[[ Source information, beginning ]]
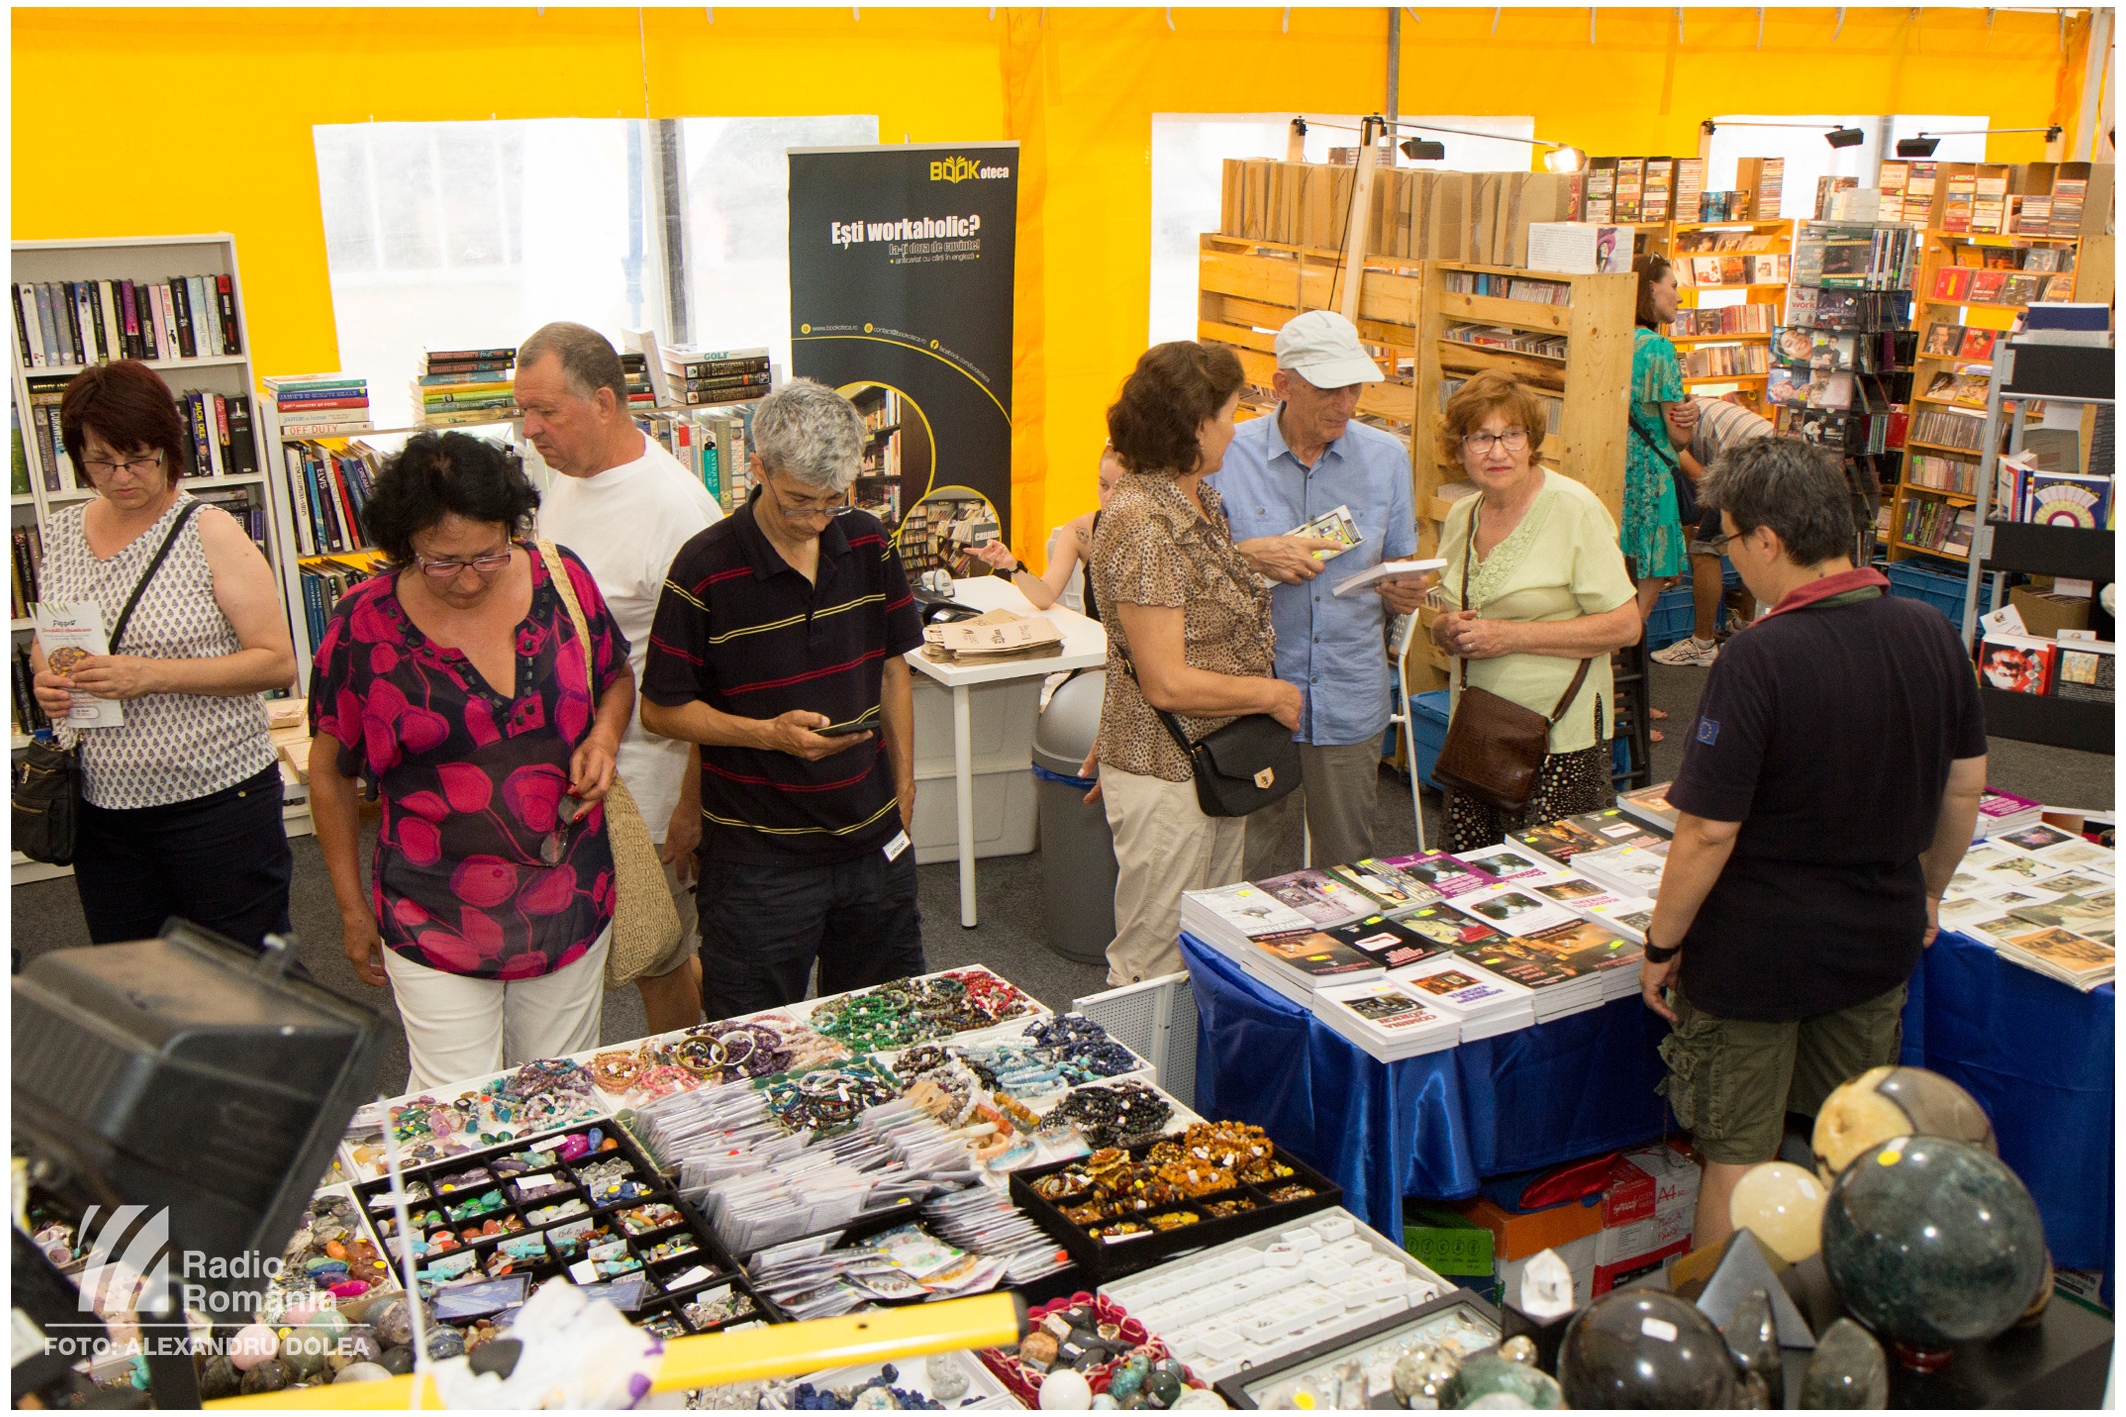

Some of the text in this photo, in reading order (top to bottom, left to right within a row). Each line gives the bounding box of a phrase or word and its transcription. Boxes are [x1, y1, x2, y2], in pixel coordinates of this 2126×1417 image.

[831, 214, 981, 250] Ești workaholic?
[909, 242, 930, 254] doza
[930, 241, 943, 253] de
[1791, 301, 1816, 309] work
[704, 351, 729, 360] GOLF
[194, 401, 206, 439] JACK DEE
[283, 415, 304, 423] jamie
[290, 424, 338, 435] OFF DUTY
[316, 468, 328, 490] ELVIS
[357, 467, 371, 490] DREAM
[1384, 1014, 1438, 1029] COMISIA
[1657, 1184, 1676, 1204] A4
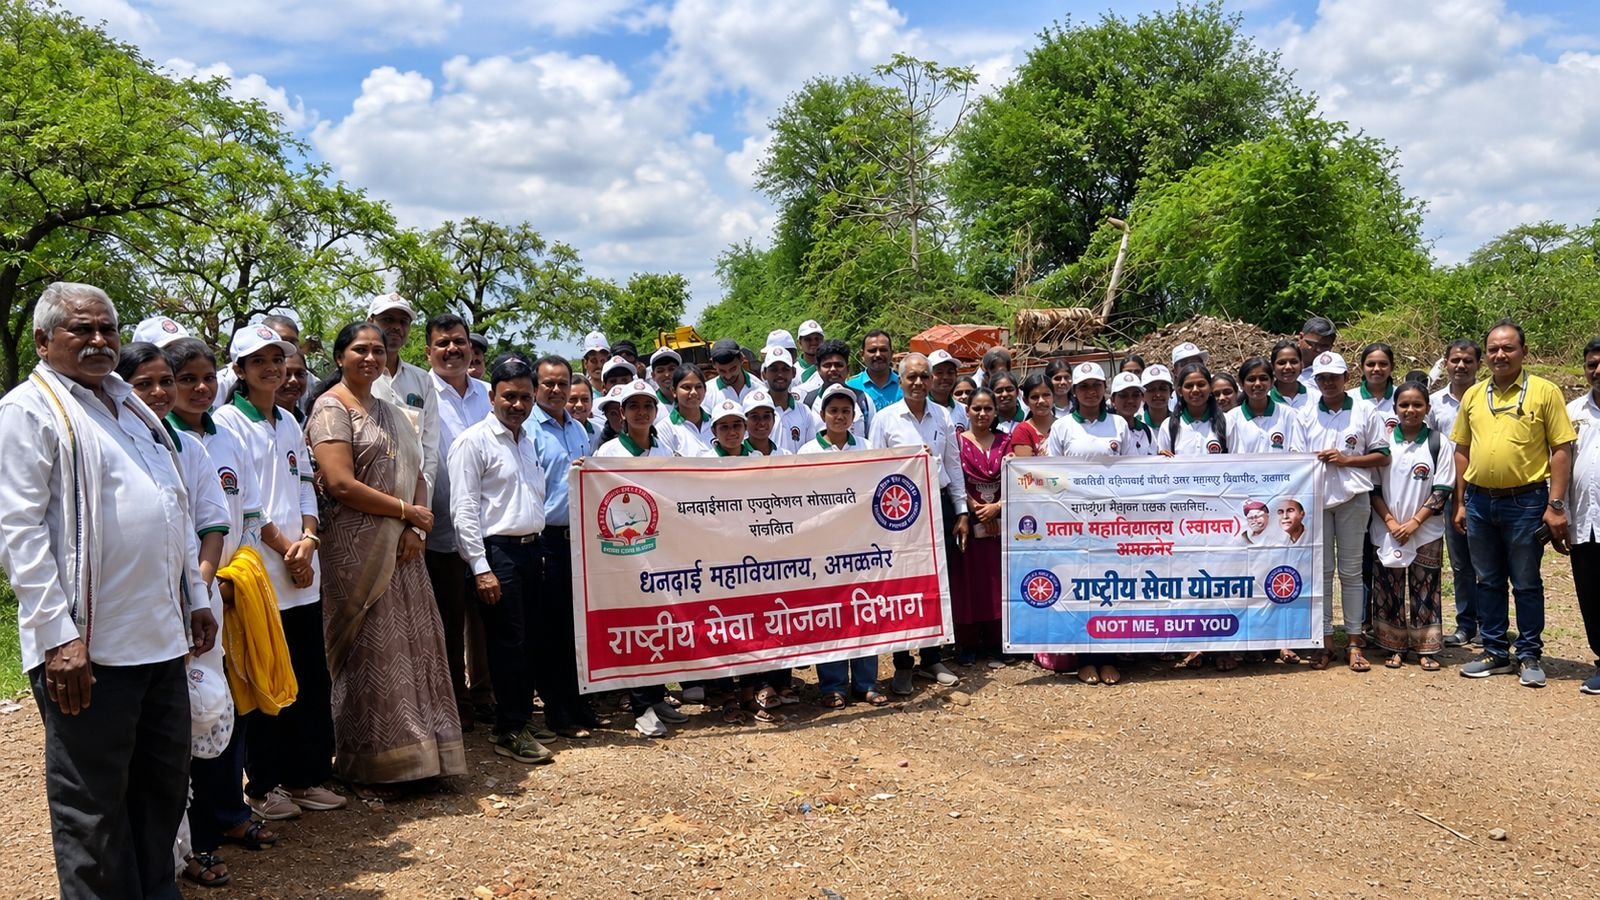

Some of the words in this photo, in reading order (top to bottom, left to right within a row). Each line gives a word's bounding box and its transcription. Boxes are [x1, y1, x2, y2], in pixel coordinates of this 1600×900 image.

[1046, 521, 1083, 537] प्रताप
[1088, 516, 1173, 538] महाविद्यालय
[1179, 515, 1242, 537] (स्वायत्त)
[640, 560, 702, 597] धनदाई
[709, 555, 816, 589] महाविद्यालय,
[1072, 570, 1137, 607] राष्ट्रीय
[1141, 570, 1183, 600] सेवा
[1188, 569, 1255, 599] योजना
[607, 610, 695, 662] राष्ट्रीय
[704, 605, 754, 645] सेवा
[763, 597, 842, 636] योजना
[850, 587, 925, 626] विभाग
[1095, 620, 1128, 633] NOT
[1132, 619, 1159, 635] ME,
[1164, 619, 1196, 632] BUT
[1199, 618, 1232, 631] YOU
[[ Source information, end ]]
Exercise requirements.
Retype the whole listing above exactly as written. Skip the pictures.

Solution below.
Some of the text in this photo, in reading order (top to bottom, left to right within a row). Each line gives the bounding box of a phrase or word and its transcription. Boxes are [x1, y1, x2, y2], in pixel coordinates of this 2126×1417 image.

[831, 214, 981, 250] Ești workaholic?
[909, 242, 930, 254] doza
[930, 241, 943, 253] de
[1791, 301, 1816, 309] work
[704, 351, 729, 360] GOLF
[194, 401, 206, 439] JACK DEE
[283, 415, 304, 423] jamie
[290, 424, 338, 435] OFF DUTY
[316, 468, 328, 490] ELVIS
[357, 467, 371, 490] DREAM
[1384, 1014, 1438, 1029] COMISIA
[1657, 1184, 1676, 1204] A4

Some of the words in this photo, in reading order (top to bottom, left to right within a row). Each line gives a word's bounding box and its transcription. Boxes are [x1, y1, x2, y2], in pixel coordinates of this 1600×900 image.

[1046, 521, 1083, 537] प्रताप
[1088, 516, 1173, 538] महाविद्यालय
[1179, 515, 1242, 537] (स्वायत्त)
[640, 560, 702, 597] धनदाई
[709, 555, 816, 589] महाविद्यालय,
[1072, 570, 1137, 607] राष्ट्रीय
[1141, 570, 1183, 600] सेवा
[1188, 569, 1255, 599] योजना
[607, 610, 695, 662] राष्ट्रीय
[704, 605, 754, 645] सेवा
[763, 597, 842, 636] योजना
[850, 587, 925, 626] विभाग
[1095, 620, 1128, 633] NOT
[1132, 619, 1159, 635] ME,
[1164, 619, 1196, 632] BUT
[1199, 618, 1232, 631] YOU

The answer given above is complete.